La bibliothèque libre.
Correspondance : année 1768GarnierŒuvres complètes de Voltaire, tome 46 (p. 130-131).
7345. — À M. LE COMTE D’ARGENTAL.
28 septembre.

Le possédé[1] cède toujours à vos exorcismes, et voici une preuve, mon divin ange, de la docilité du jeune étourdi. Il est d’accord avec vous sur presque tous les points, et il vous prie très-instamment de faire porter sur le corps de l’ouvrage les changements que vous avez eu la bonté d’indiquer. Il sera très-aisé de les mettre proprement à leur place. Je vous prierai de laisser prendre une copie à Mme Denis, qui est engagée au secret, et qui le gardera comme vous.

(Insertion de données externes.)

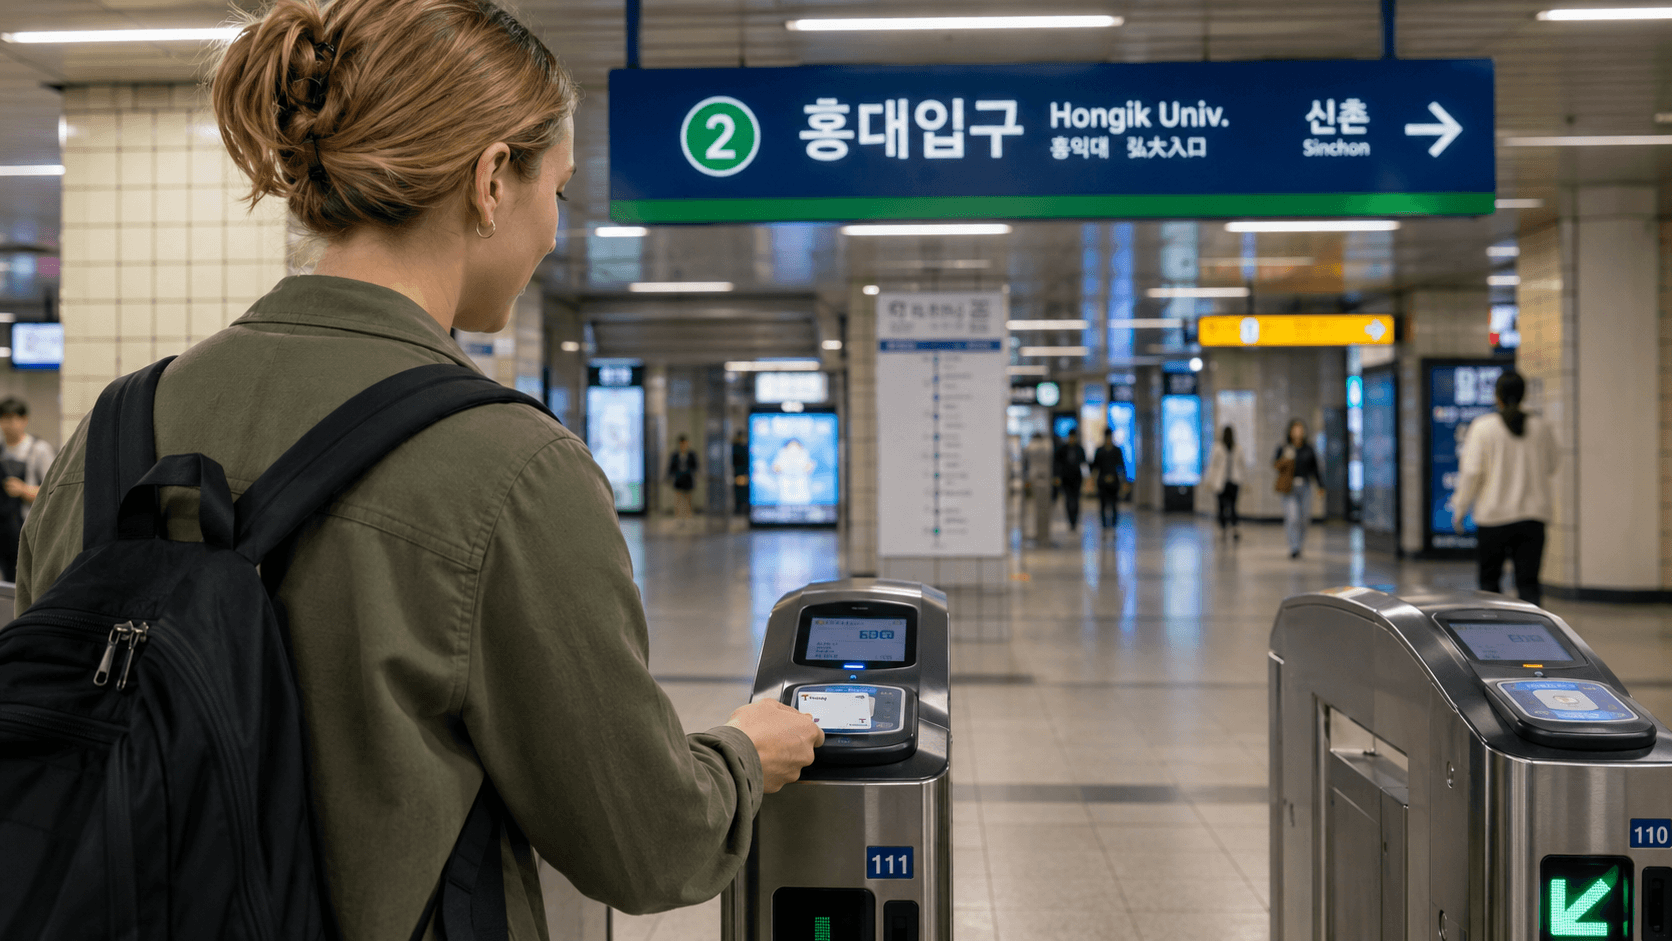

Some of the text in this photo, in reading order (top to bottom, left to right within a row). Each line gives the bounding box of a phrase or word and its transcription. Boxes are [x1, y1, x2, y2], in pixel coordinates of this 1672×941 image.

[799, 97, 1025, 161] 홍대입구
[1050, 100, 1230, 134] Hongik Univ.
[1305, 98, 1370, 135] 신촌
[705, 113, 737, 160] 2
[1303, 138, 1371, 157] Sinchon
[1634, 826, 1668, 844] 110
[871, 854, 908, 874] 111
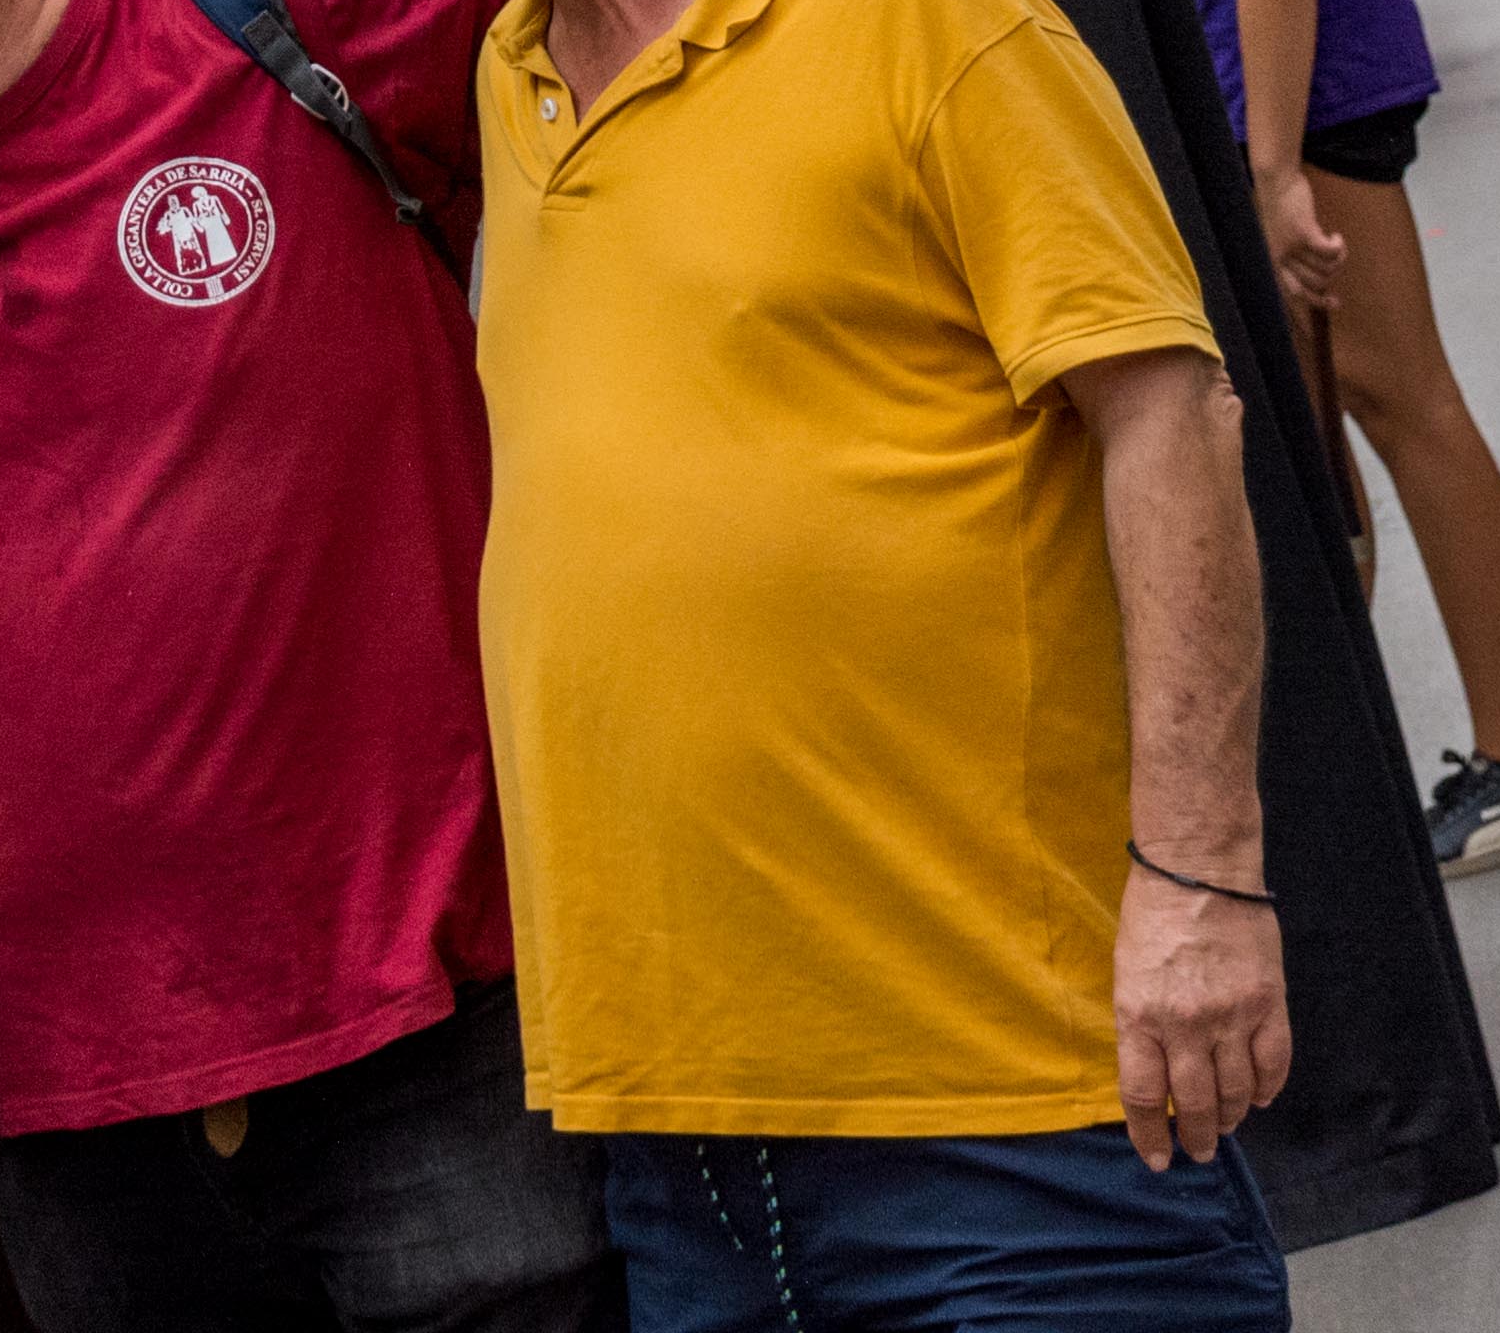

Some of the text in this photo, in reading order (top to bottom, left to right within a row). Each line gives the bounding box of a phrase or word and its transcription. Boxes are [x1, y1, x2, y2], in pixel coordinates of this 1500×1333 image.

[164, 165, 189, 184] DE
[126, 178, 166, 269] GEGANTERA
[232, 219, 268, 283] GERVASI
[143, 267, 194, 298] COLLA
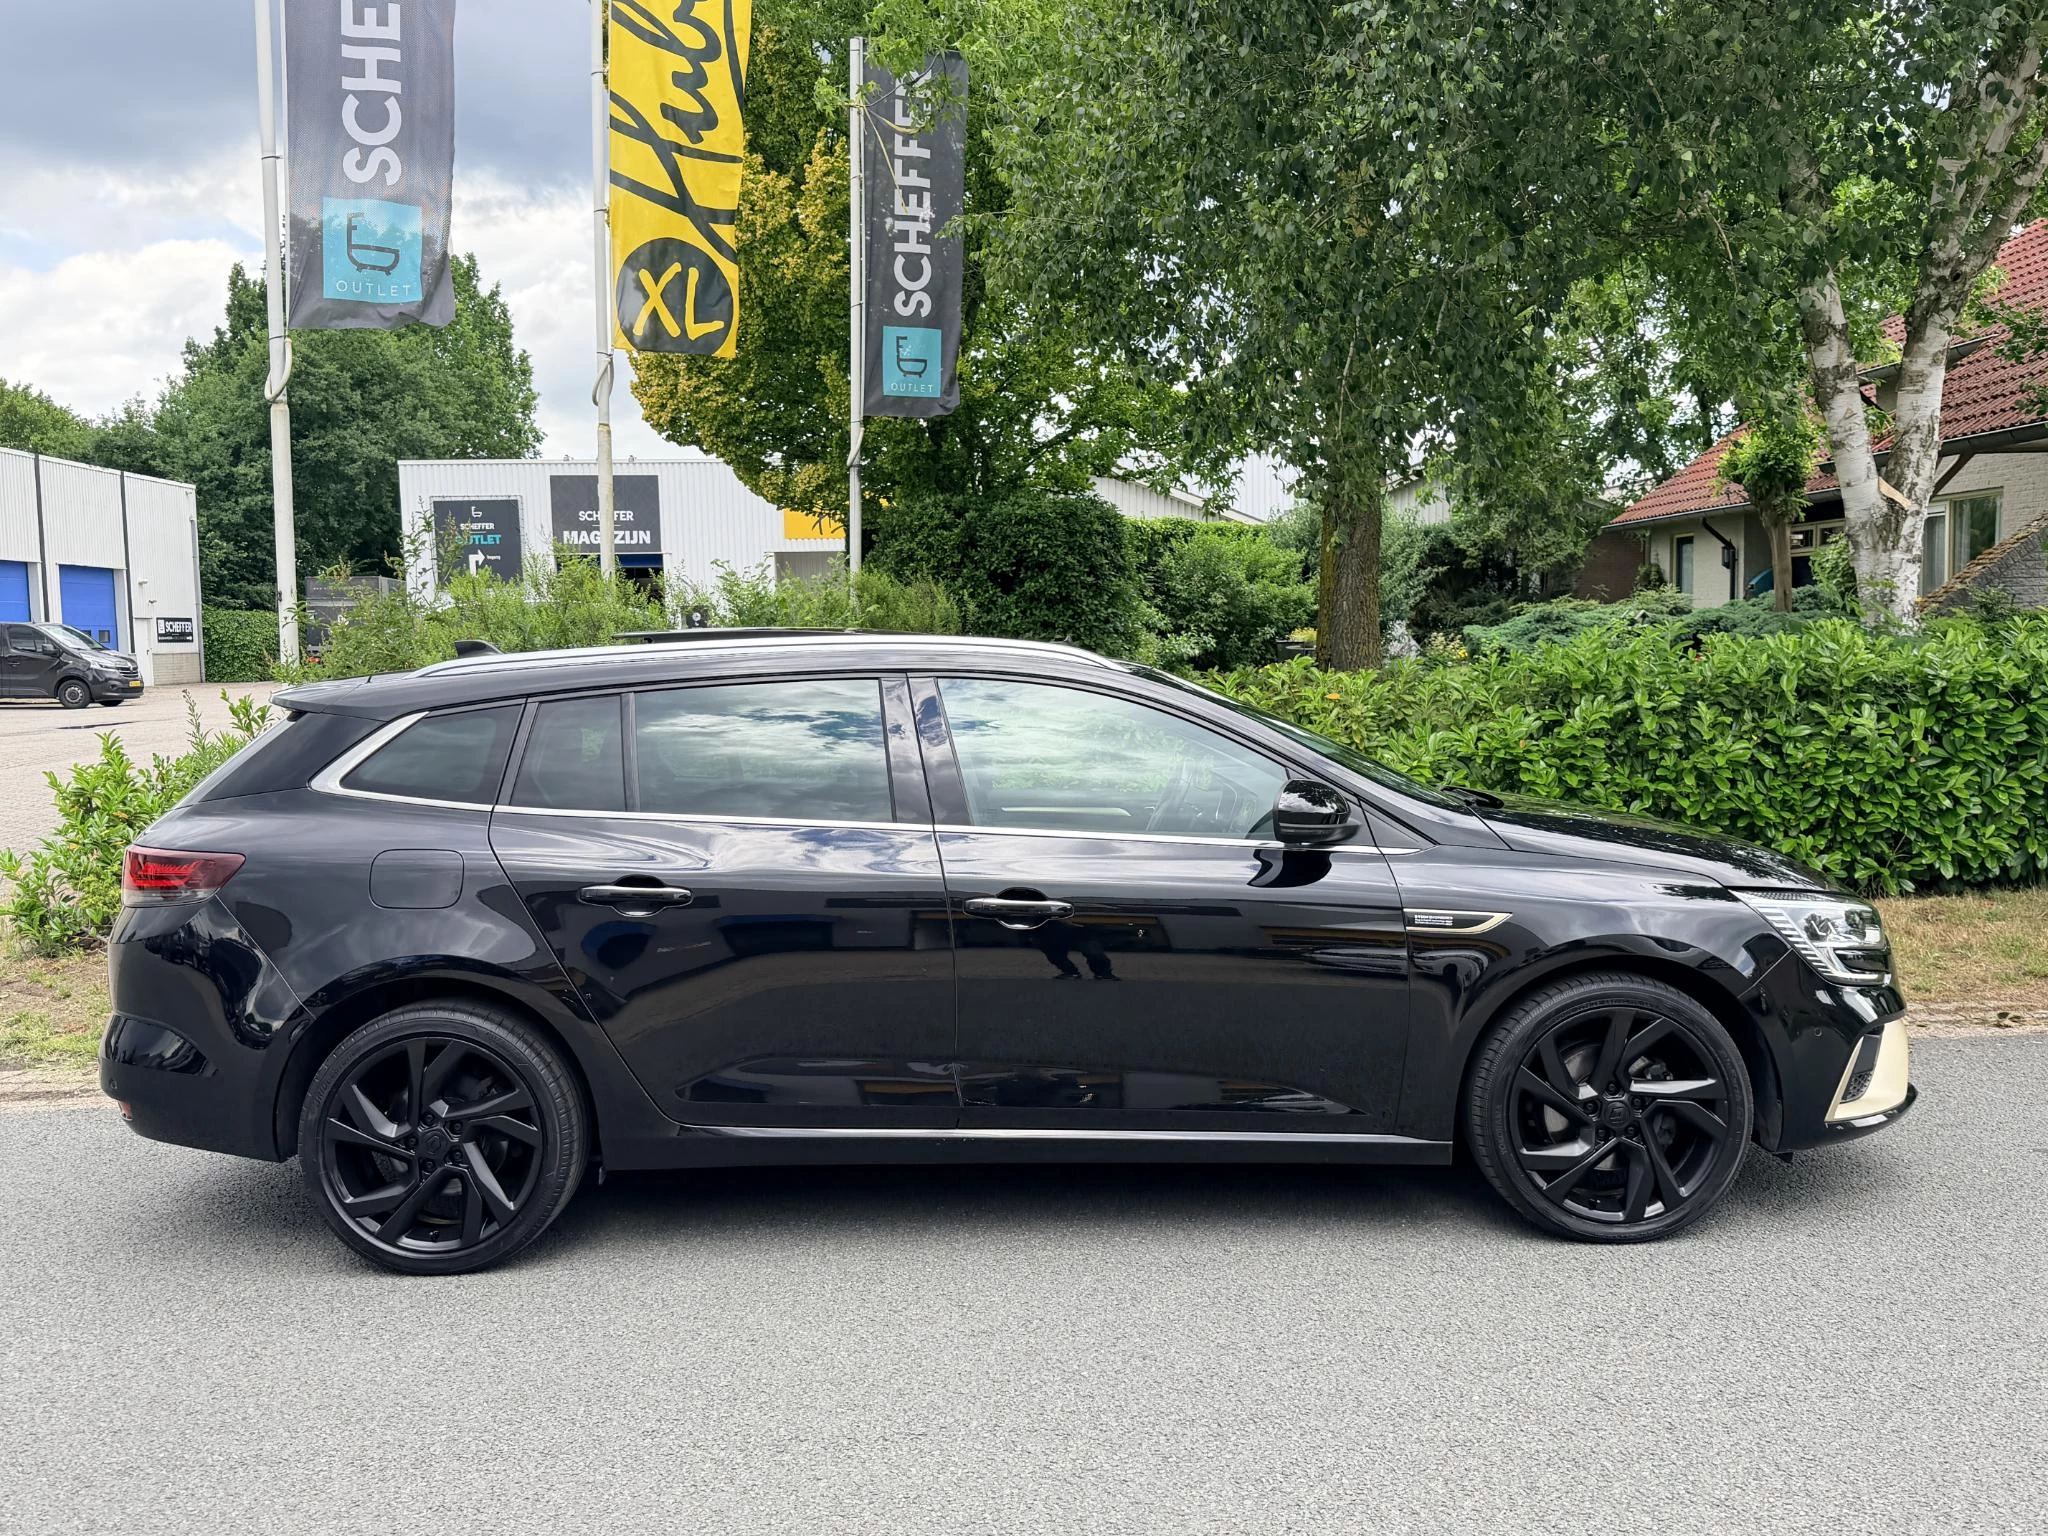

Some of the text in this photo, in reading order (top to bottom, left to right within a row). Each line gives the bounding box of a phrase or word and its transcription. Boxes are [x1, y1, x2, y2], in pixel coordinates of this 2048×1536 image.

[336, 280, 412, 298] OUTLET
[632, 262, 726, 341] XL
[890, 382, 934, 394] OUTLET
[578, 510, 635, 522] SCHFER
[562, 530, 652, 545] MAGZIJN
[165, 621, 193, 633] SCHEFFER

Je crois que la pièce est faite pour avoir un prodigieux succès, grâce à ces allusions mêmes que je crains ; et je pense en même temps que la pièce est assez sage pour qu’on puisse la jouer, malgré les inductions qu’on en peut tirer. Cela dépendra absolument de la bonne volonté du censeur, ou du magistrat que le censeur se croira peut-être obligé de consulter.

Enfin, après qu’on a joué le Tartuffe et Mahomet, il ne faut désespérer de rien. On pourra mettre un jour Caïphe et Pilate sur la scène ; mais, avant que cette négociation soit consommée, il faut bien que Lekain paraisse un peu en Scythe ; cela est juste, c’est une attention qu’il me doit ; et, quoique les comédiens soient presque aussi ingrats que des prêtres, ils ne peuvent me priver d’un droit que j’ai acquis par cinquante ans de travaux.

Je me mets aux pieds de Mme d’Argental.

À propos, vraiment oui je pense comme vous sur l’Académie et sur La Harpe, sans même avoir vu l’ouvrage couronné[2].

  1. Voyez la lettre 7308.
  2. Voyez le commencement de la lettre 7333.